Referendum in Griechenland: Das große Zittern der Linken

Für Kapitalismuskritiker war Syriza ein Hoffnungsträger. Nun geht es um die europäische Zukunft einer linken Idee.

Alexis Tsipras selbst ist Teil des Wahlerfolges seiner Partei Syriza. Foto: dpa

BERLIN taz | Es war die Stunde von Alexis Tsipras – und ein bisschen war es auch die Stunde von Mario Neumann und seinen GenossInnen. Als sich in diesem Januar abzeichnete, dass Alexis Tsipras als großer Gewinner aus den griechischen Parlamentswahlen hervorgehen würde, stieg eine Gruppe deutscher AktivistInnen ins Flugzeug und flog von Berlin nach Athen.

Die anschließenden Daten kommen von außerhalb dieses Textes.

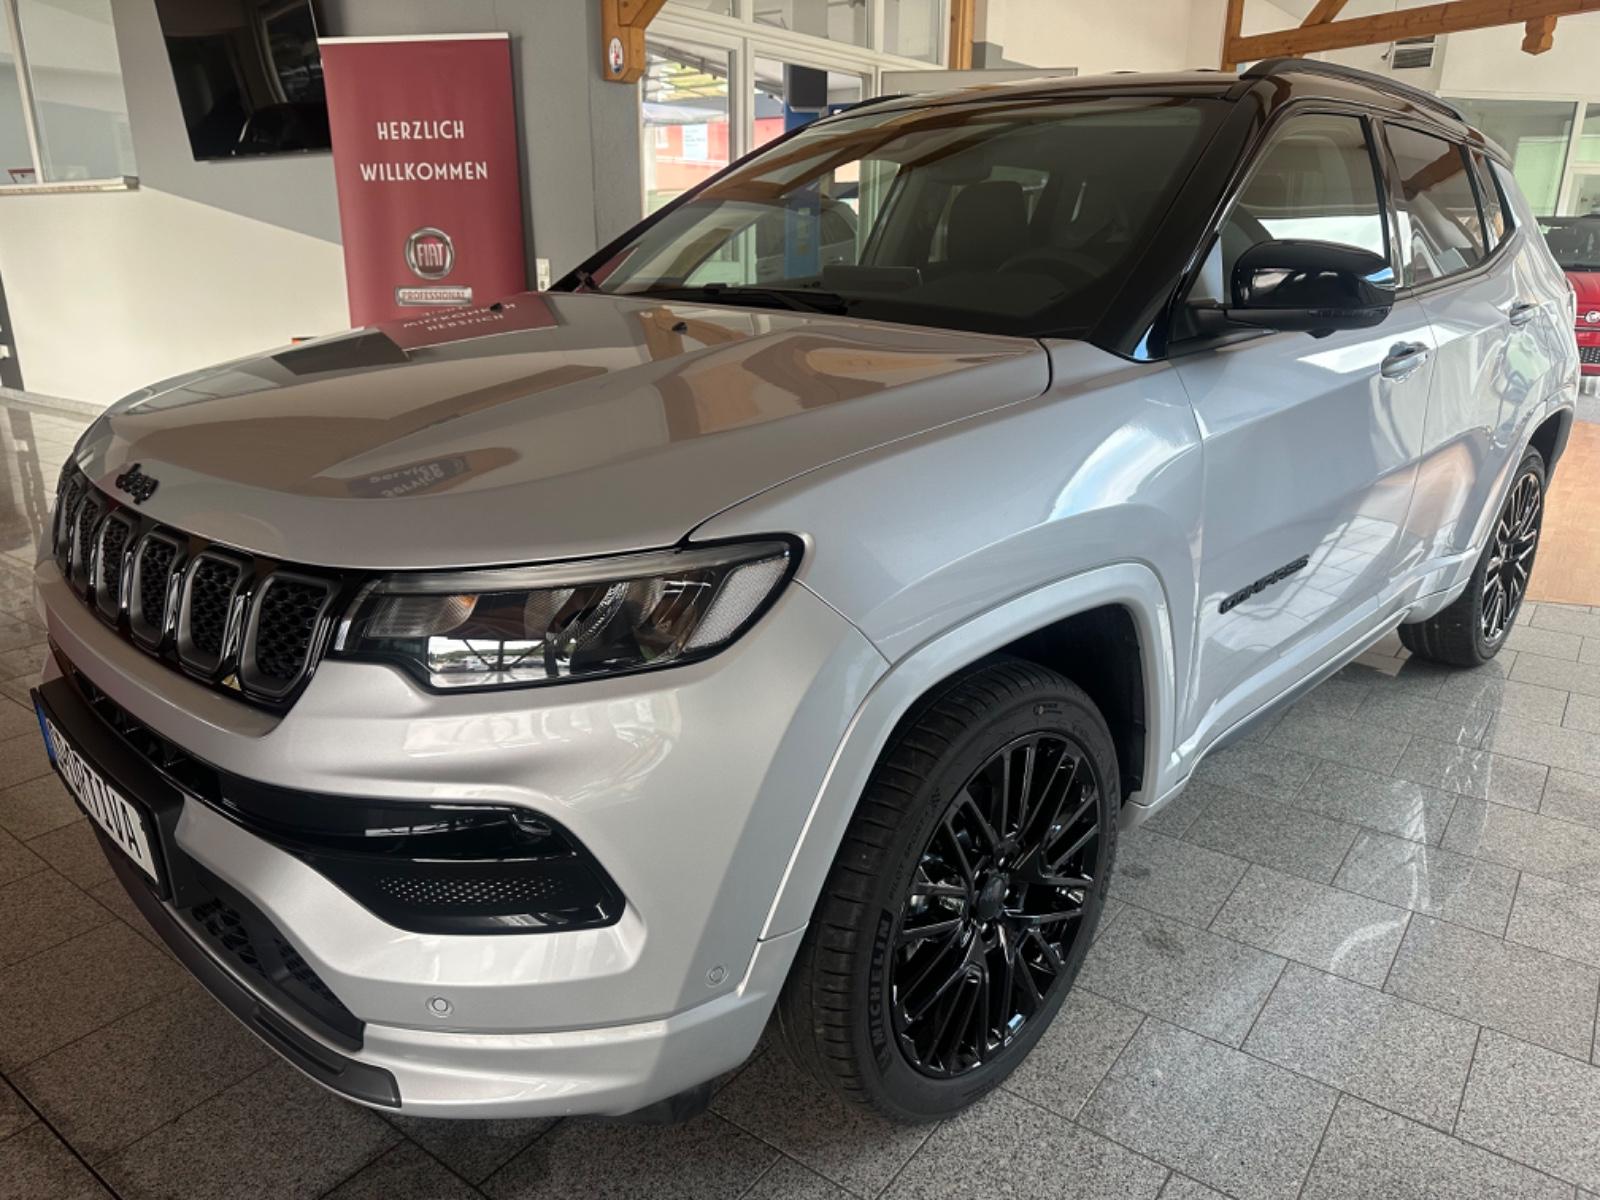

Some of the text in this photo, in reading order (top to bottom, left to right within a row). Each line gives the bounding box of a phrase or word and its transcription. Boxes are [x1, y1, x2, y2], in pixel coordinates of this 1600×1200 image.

[377, 120, 465, 140] HERZLICH
[360, 161, 488, 181] WILLKOMMEN
[416, 243, 443, 266] FIAT
[870, 919, 890, 1043] MICHELIN

Neumann war einer von ihnen, der 28-Jährige ist Mitglied im Koordinierungskreis des Blockupy-Bündnisses – einem Zusammenschluss linker Gruppen, der seit drei Jahren Proteste gegen die europäische Krisenpolitik organisiert. Tagelang berichteten die AktivistInnen auf einem Blog unter dem Titel „Blockupy Goes Athens“ aus der griechischen Hauptstadt, versorgten die deutsche Linke mit Nachrichten rund um Syrizas großen Triumph.

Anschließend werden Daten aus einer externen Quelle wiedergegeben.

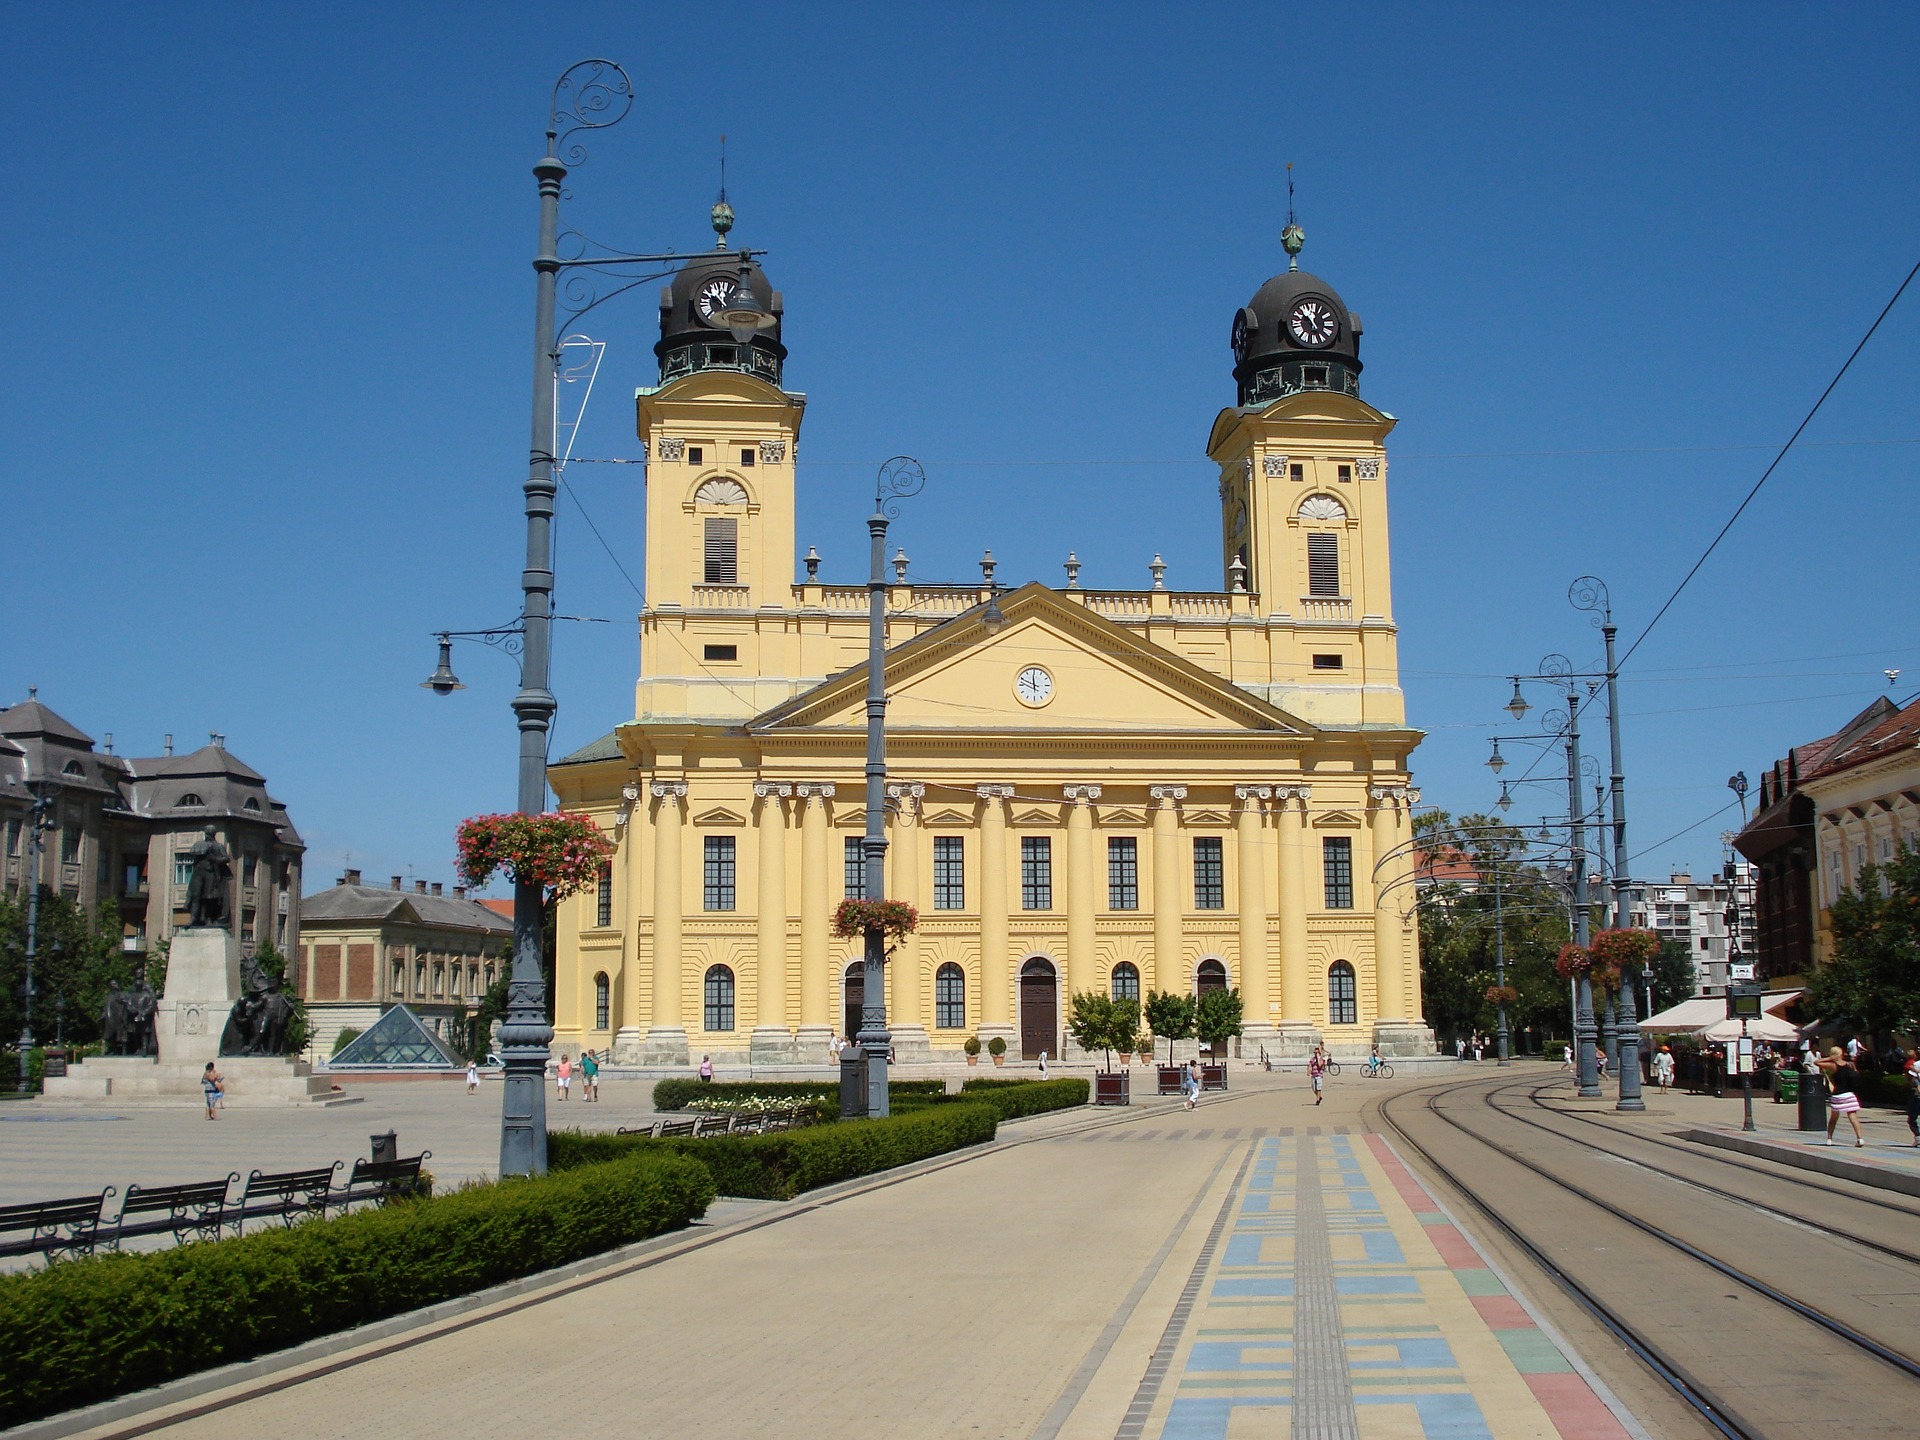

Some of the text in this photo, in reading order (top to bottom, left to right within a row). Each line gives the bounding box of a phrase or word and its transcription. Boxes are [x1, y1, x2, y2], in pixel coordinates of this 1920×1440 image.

[702, 289, 712, 298] X
[728, 285, 735, 294] I
[1293, 311, 1303, 319] X
[1318, 333, 1326, 342] V

Syriza – für viele antikapitalistische AktivistInnen ist diese Partei Hoffnungsschimmer und Projektionsfläche zugleich, seit sich das aus linken Gruppen bestehende Wahlbündnis vor Jahren als Bewegungspartei in Griechenland formierte. Spätestens seit dem triumphalen Sieg im Januar schauen die deutschen KapitalismusgegnerInnen bei ihren Aktionen stets mit einem Auge auf Griechenland.

Gleichzeitig übt sich die Szene in praktischer Solidarität: Eine Olivenölseife, hergestellt in einer besetzten Fabrik in Thessaloniki, wurde rasch zum Vorzeigeprodukt in den Badezimmern linker Wohngemeinschaften. Die griechischen ProduzentInnen versuchen immer noch, die innerhalb von zwei Februartagen eingegangenen Bestellungen aus Deutschland abzuarbeiten.

Alles steht auf dem Spiel

Und heute? Mit einer Volksbefragung stellt Syriza am Sonntag nicht nur die europäische Sparpolitik zur Abstimmung, sondern auch die Träume vieler antikapitalistischer Gruppen in Deutschland, denen es in den vergangenen Jahren nur mühsam gelang, auch in Deutschland eine wahrnehmbare Kraft für die Vision eines anderen Europa zu formieren.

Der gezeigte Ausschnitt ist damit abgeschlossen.